Problem to work on. All of the records below are to be output exactly; no image belongs in the result.

>>>

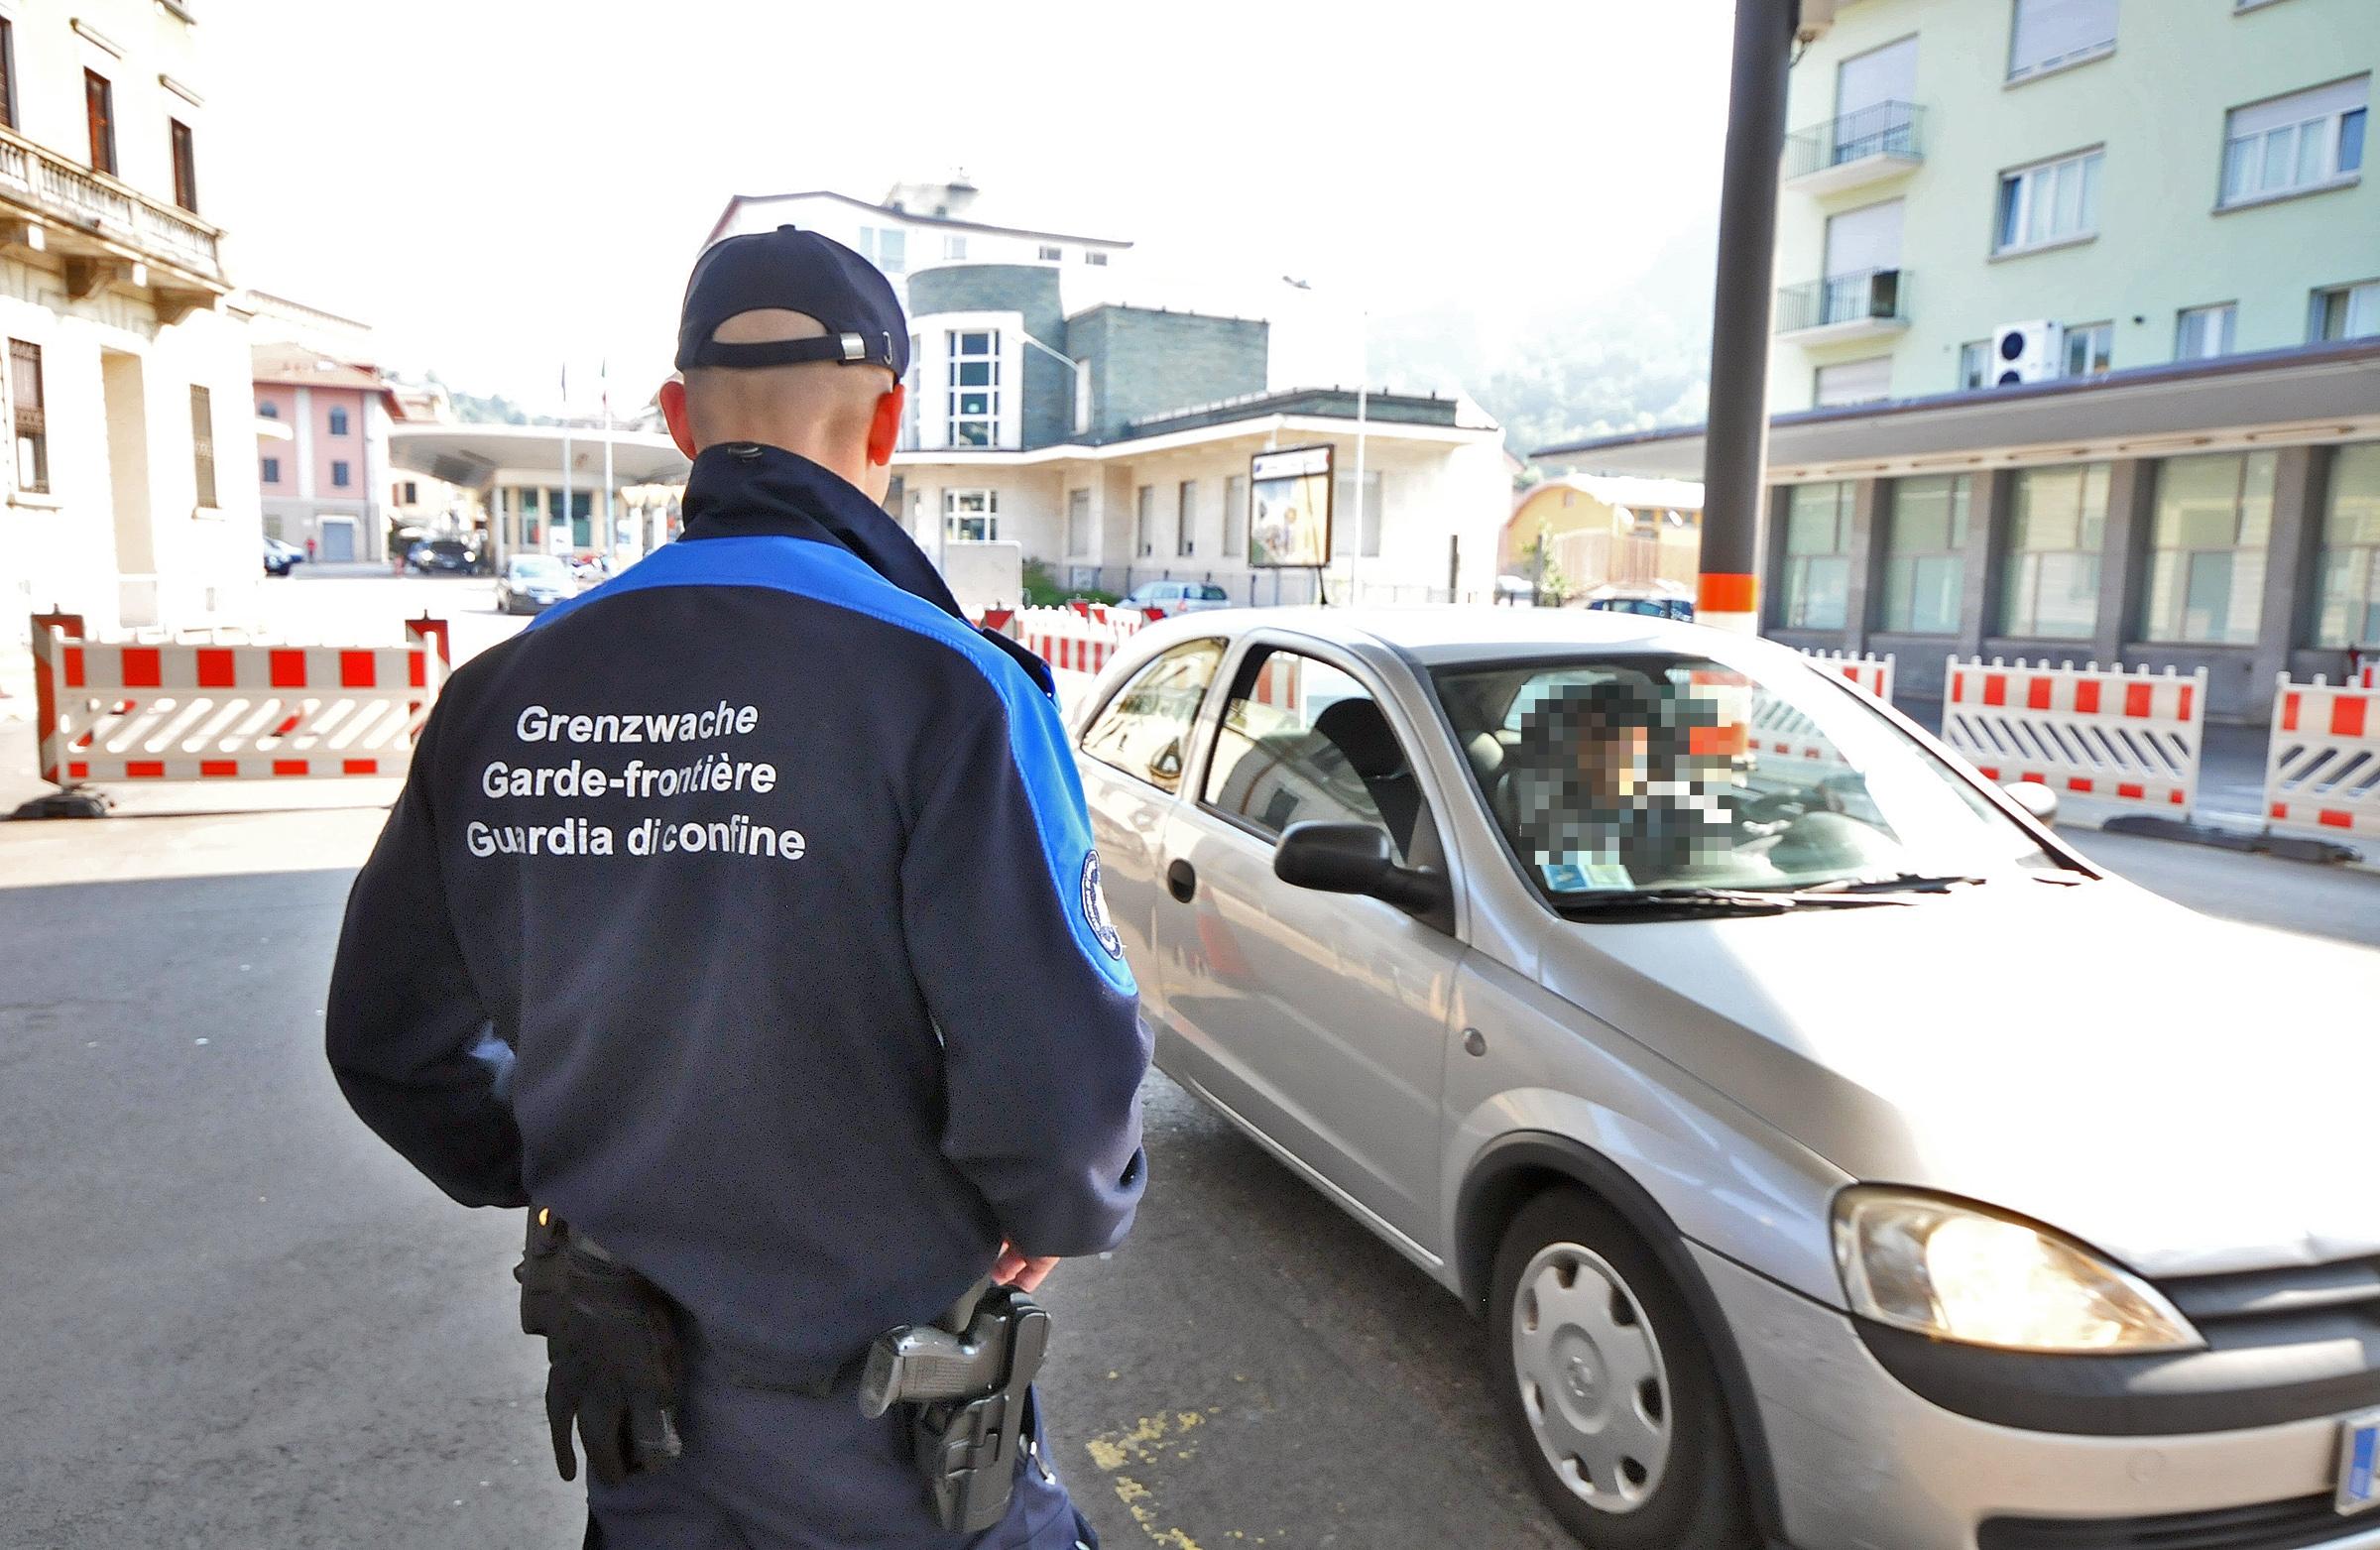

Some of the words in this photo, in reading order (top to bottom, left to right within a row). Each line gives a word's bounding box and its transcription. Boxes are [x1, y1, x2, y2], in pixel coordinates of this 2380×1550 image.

[517, 699, 759, 743] Grenzwache
[482, 752, 776, 798] Garde-frontière
[467, 817, 614, 858] Guardia
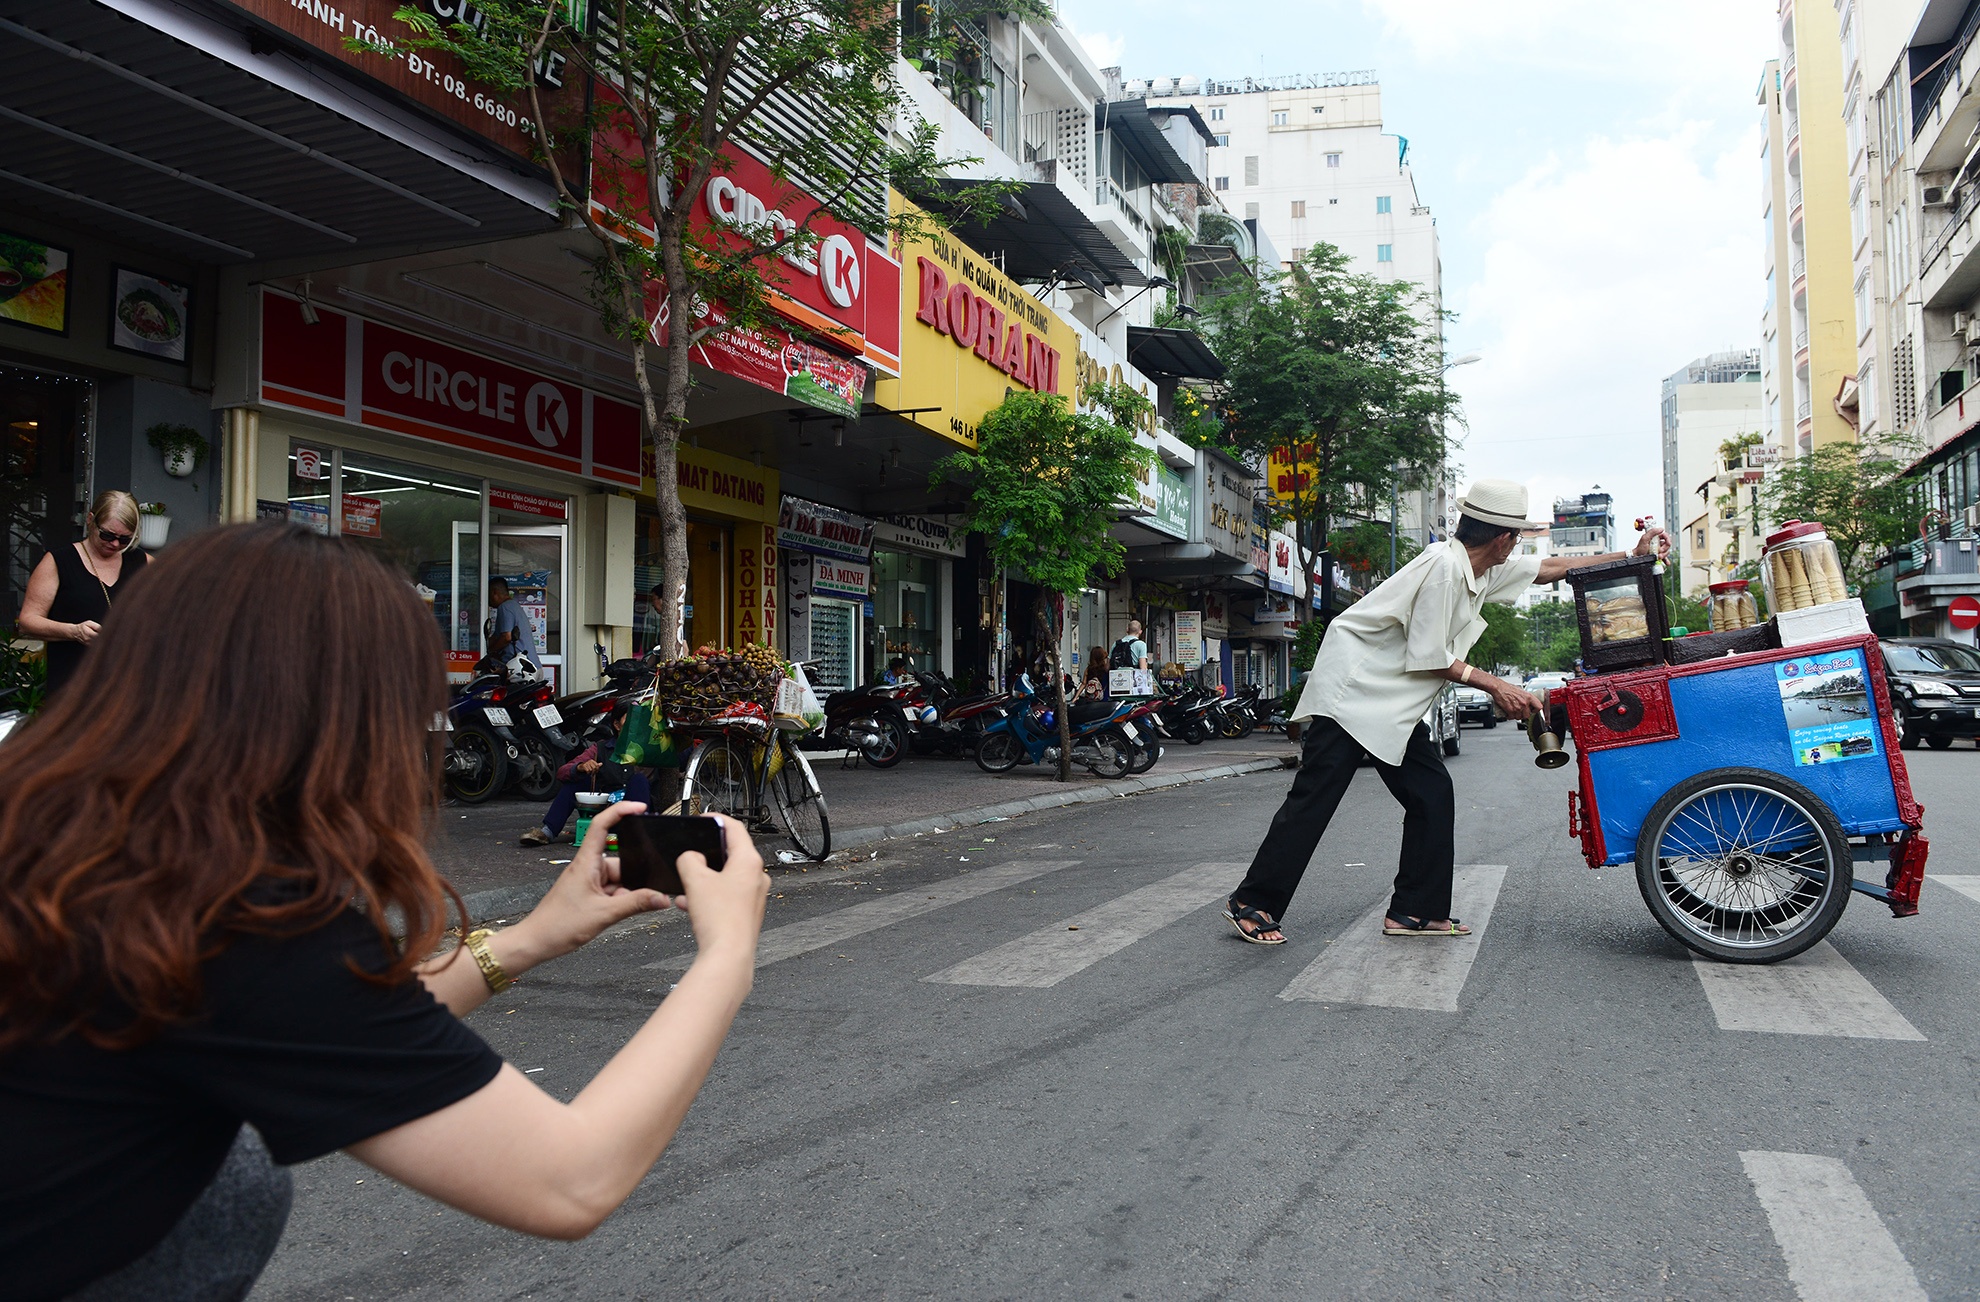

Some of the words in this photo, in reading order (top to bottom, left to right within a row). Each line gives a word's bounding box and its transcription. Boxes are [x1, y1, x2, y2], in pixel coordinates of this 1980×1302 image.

[1323, 69, 1379, 88] HOTEL
[443, 74, 470, 103] 08.
[474, 93, 516, 127] 6680
[828, 240, 860, 305] K
[997, 279, 1008, 306] ÁO
[1009, 293, 1025, 319] THỜI
[1027, 304, 1048, 335] TRANG
[915, 255, 1061, 395] ROHANI
[731, 334, 748, 349] NAM
[382, 351, 516, 423] CIRCLE
[530, 388, 568, 444] K
[950, 416, 963, 436] 146
[965, 423, 974, 441] Lê
[641, 451, 708, 491] SEMAT
[712, 470, 765, 506] DATANG
[513, 502, 541, 513] Welcome
[782, 531, 807, 544] CHUYÊN
[808, 537, 829, 549] NGHIỆP
[794, 513, 817, 536] ĐA
[820, 520, 862, 546] MINH
[895, 533, 940, 550] JEWELLERY
[763, 525, 776, 648] ROHANI
[820, 565, 834, 581] ĐA
[836, 568, 864, 586] MINH
[1794, 729, 1811, 738] Enjoy
[1813, 726, 1832, 734] rowing
[1803, 736, 1812, 744] the
[1813, 735, 1833, 743] Saigon
[1851, 729, 1871, 737] canals

<<<

Answer box.
Some of the words in this photo, in reading order (top to bottom, left to right within a row). Each line gives a word's bounding box and its transcription. Boxes are [x1, y1, x2, y2], in pixel coordinates of this 2380×1550 image.

[517, 699, 759, 743] Grenzwache
[482, 752, 776, 798] Garde-frontière
[467, 817, 614, 858] Guardia

Some of the words in this photo, in reading order (top to bottom, left to right within a row). Each line gives a word's bounding box and its transcription. Boxes are [x1, y1, x2, y2], in pixel coordinates of this 1980×1302 image.

[1323, 69, 1379, 88] HOTEL
[443, 74, 470, 103] 08.
[474, 93, 516, 127] 6680
[828, 240, 860, 305] K
[997, 279, 1008, 306] ÁO
[1009, 293, 1025, 319] THỜI
[1027, 304, 1048, 335] TRANG
[915, 255, 1061, 395] ROHANI
[731, 334, 748, 349] NAM
[382, 351, 516, 423] CIRCLE
[530, 388, 568, 444] K
[950, 416, 963, 436] 146
[965, 423, 974, 441] Lê
[641, 451, 708, 491] SEMAT
[712, 470, 765, 506] DATANG
[513, 502, 541, 513] Welcome
[782, 531, 807, 544] CHUYÊN
[808, 537, 829, 549] NGHIỆP
[794, 513, 817, 536] ĐA
[820, 520, 862, 546] MINH
[895, 533, 940, 550] JEWELLERY
[763, 525, 776, 648] ROHANI
[820, 565, 834, 581] ĐA
[836, 568, 864, 586] MINH
[1794, 729, 1811, 738] Enjoy
[1813, 726, 1832, 734] rowing
[1803, 736, 1812, 744] the
[1813, 735, 1833, 743] Saigon
[1851, 729, 1871, 737] canals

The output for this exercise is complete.